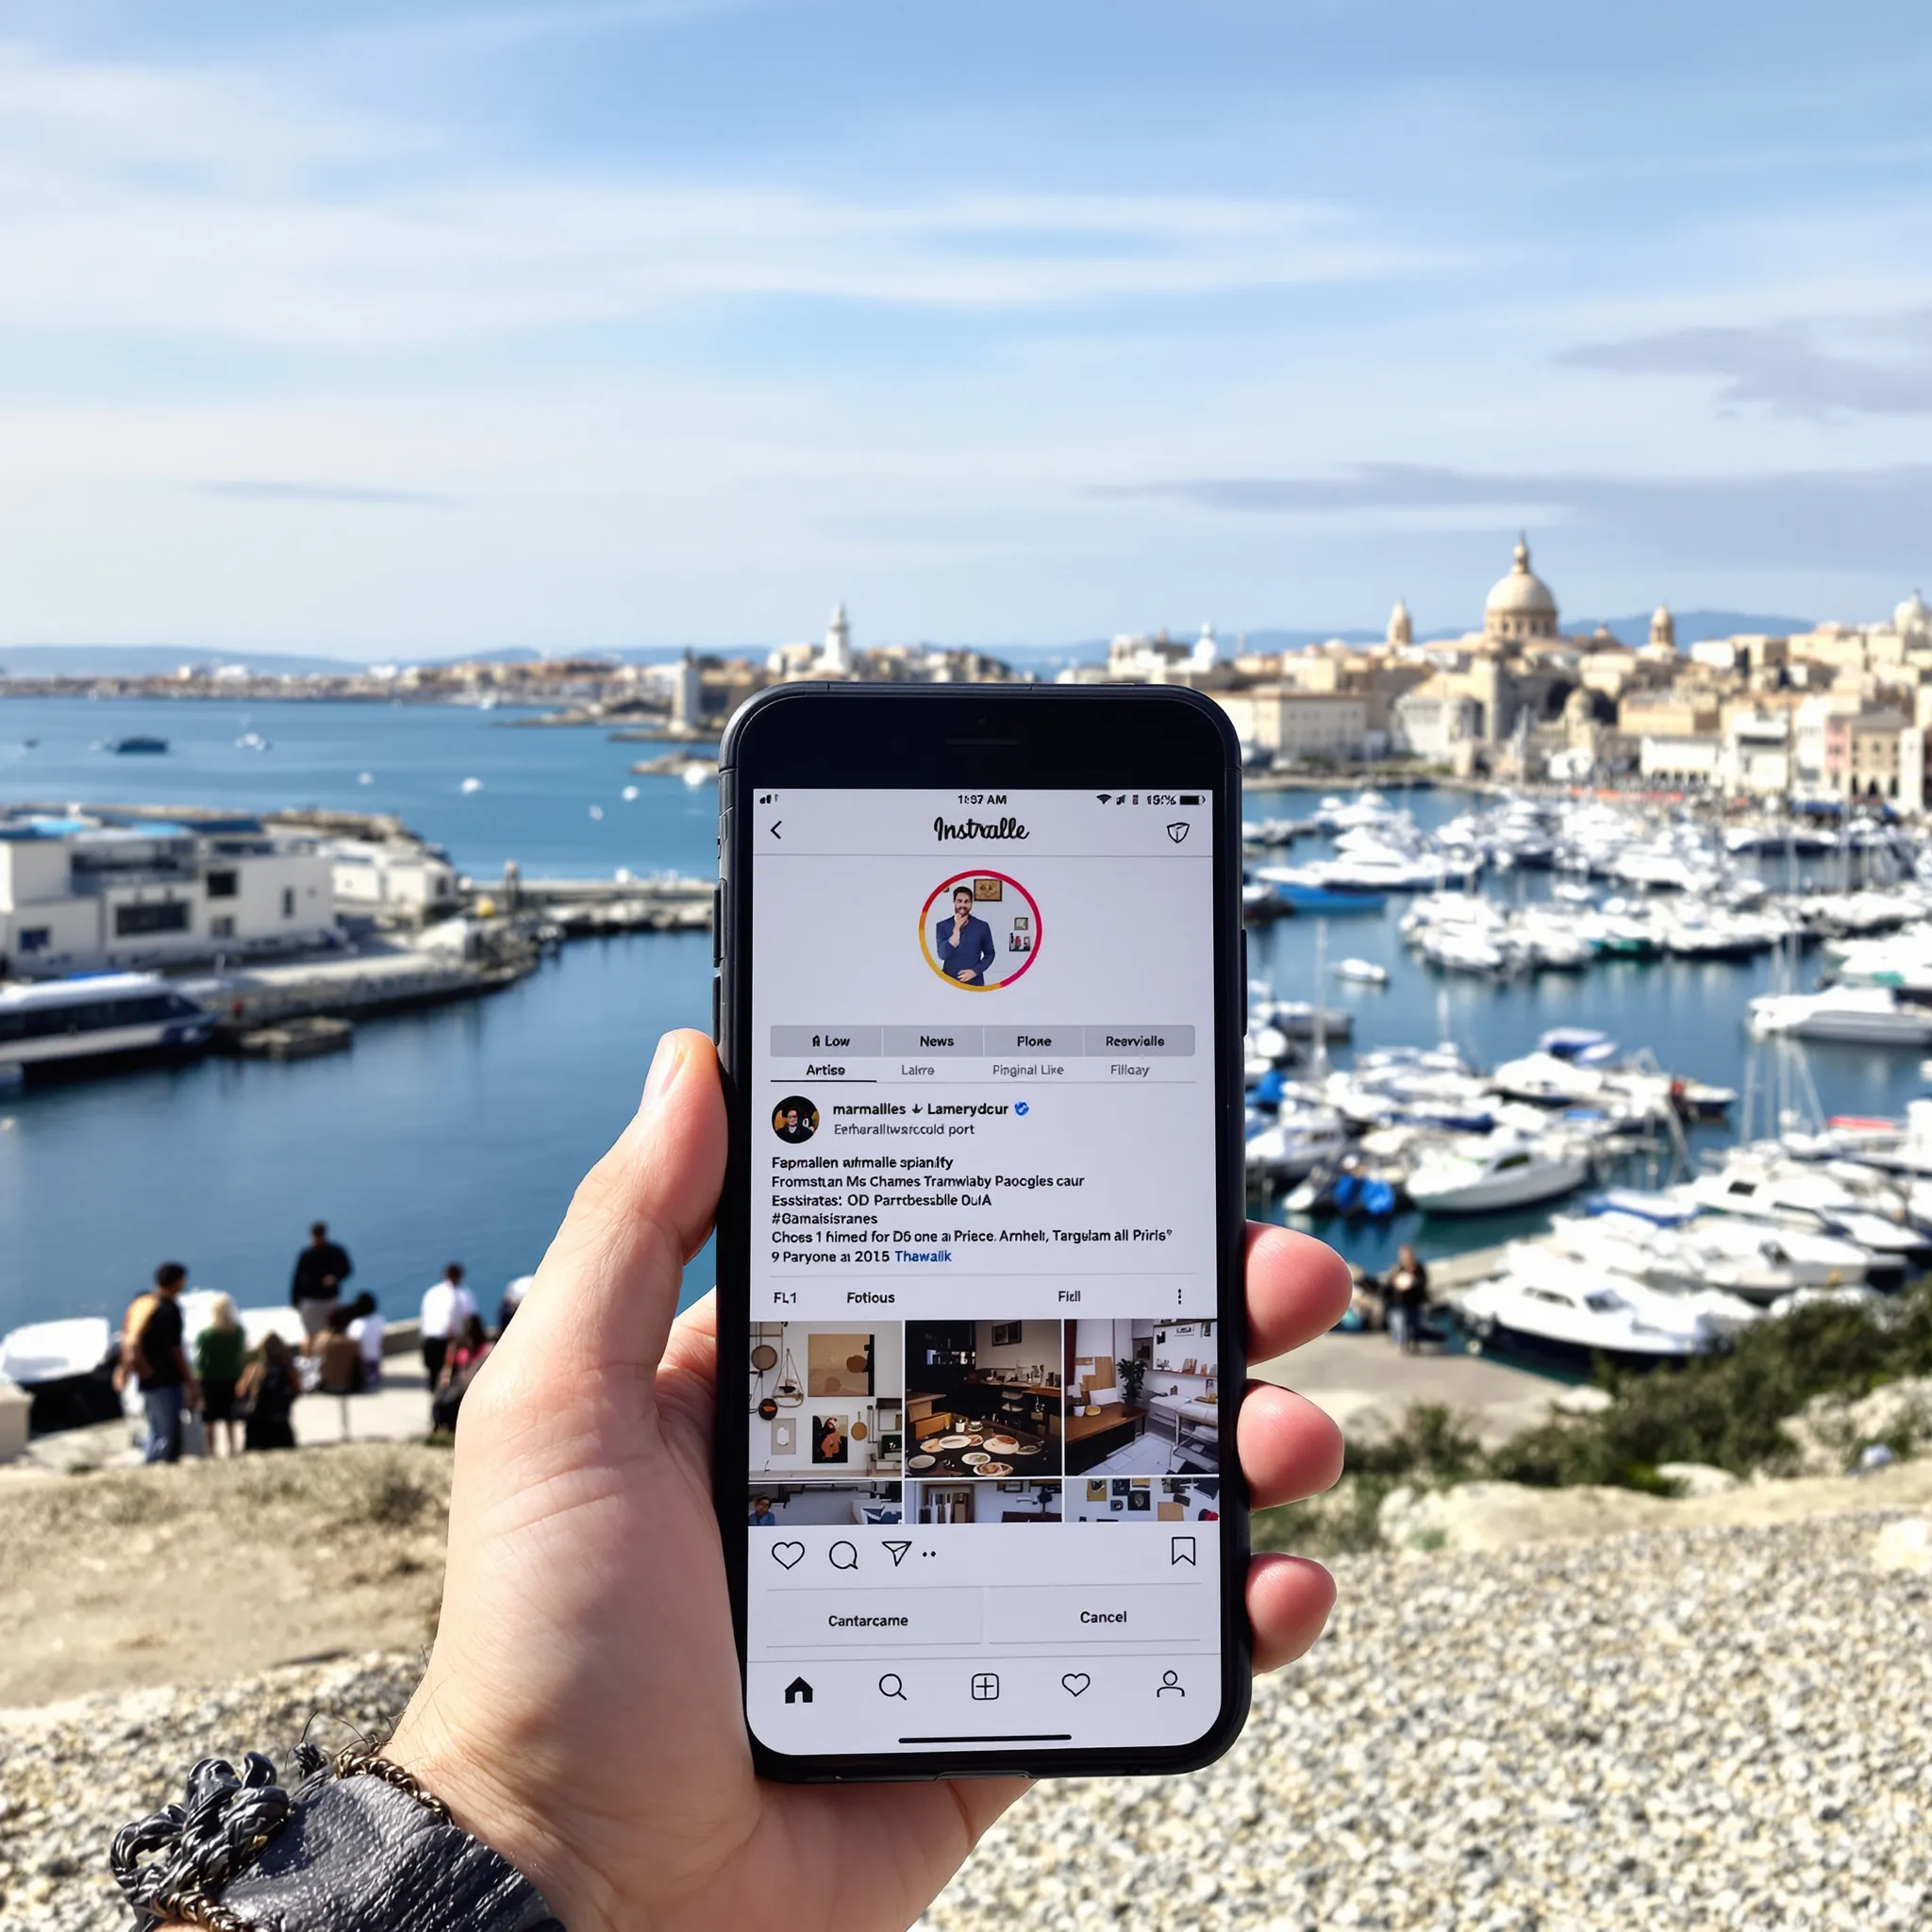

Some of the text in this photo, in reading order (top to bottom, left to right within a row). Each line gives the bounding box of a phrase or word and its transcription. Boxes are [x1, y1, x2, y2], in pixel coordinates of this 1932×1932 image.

[987, 795, 1007, 804] AM
[825, 1035, 850, 1046] Low
[921, 1036, 954, 1046] News
[949, 1124, 974, 1137] port
[847, 1175, 866, 1187] Ms
[870, 1175, 921, 1187] Chames
[848, 1194, 869, 1206] OD
[872, 1230, 890, 1242] for
[914, 1233, 938, 1241] one
[1114, 1229, 1128, 1241] all
[772, 1252, 779, 1262] 9
[855, 1250, 890, 1262] 2015
[1080, 1611, 1126, 1623] Cancel
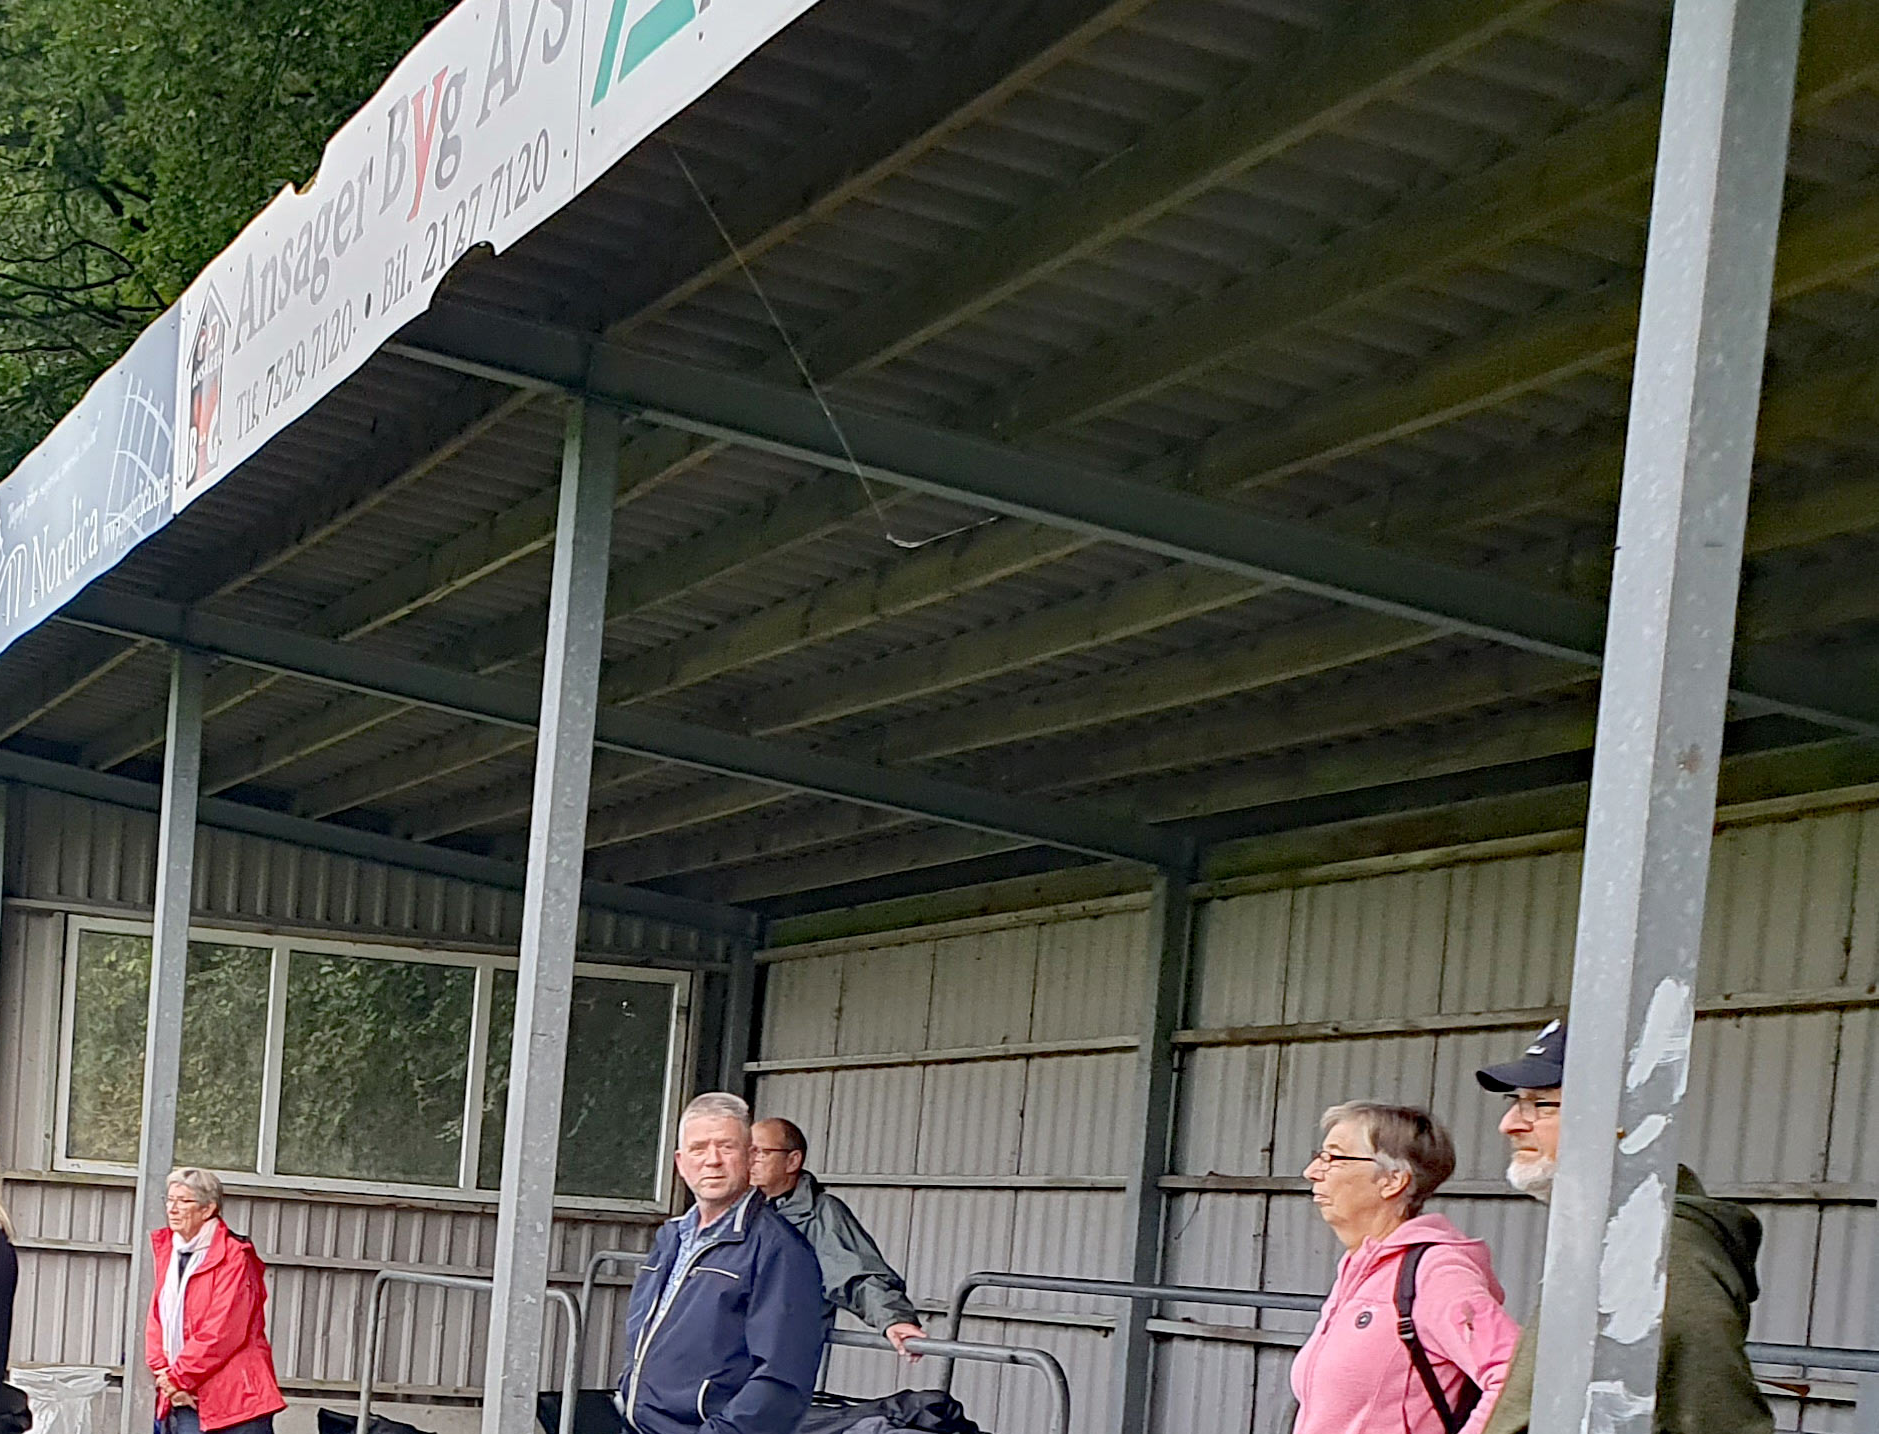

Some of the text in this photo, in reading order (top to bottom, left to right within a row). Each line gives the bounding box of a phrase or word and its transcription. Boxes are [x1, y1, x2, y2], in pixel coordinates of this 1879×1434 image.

[232, 0, 573, 355] Ansager Byg A/S
[266, 340, 306, 417] 7529
[380, 244, 412, 316] Bil.
[421, 184, 483, 284] 2127
[488, 128, 549, 232] 7120
[28, 496, 100, 608] Nordica
****************
• The task
Restate the data above exactly, stripping out each image.

• Written answer
Some of the text in this photo, in reading order (top to bottom, left to right within a row). Each line gives the bounding box of a phrase or word and its transcription. Boxes are [x1, y1, x2, y2], in pixel coordinates of this 1932×1932 image.

[987, 795, 1007, 804] AM
[825, 1035, 850, 1046] Low
[921, 1036, 954, 1046] News
[949, 1124, 974, 1137] port
[847, 1175, 866, 1187] Ms
[870, 1175, 921, 1187] Chames
[848, 1194, 869, 1206] OD
[872, 1230, 890, 1242] for
[914, 1233, 938, 1241] one
[1114, 1229, 1128, 1241] all
[772, 1252, 779, 1262] 9
[855, 1250, 890, 1262] 2015
[1080, 1611, 1126, 1623] Cancel

Some of the text in this photo, in reading order (top to bottom, left to right within a row). Each line gives the bounding box of a phrase or word and its transcription. Boxes are [x1, y1, x2, y2], in pixel coordinates of this 1879×1434 image.

[232, 0, 573, 355] Ansager Byg A/S
[266, 340, 306, 417] 7529
[380, 244, 412, 316] Bil.
[421, 184, 483, 284] 2127
[488, 128, 549, 232] 7120
[28, 496, 100, 608] Nordica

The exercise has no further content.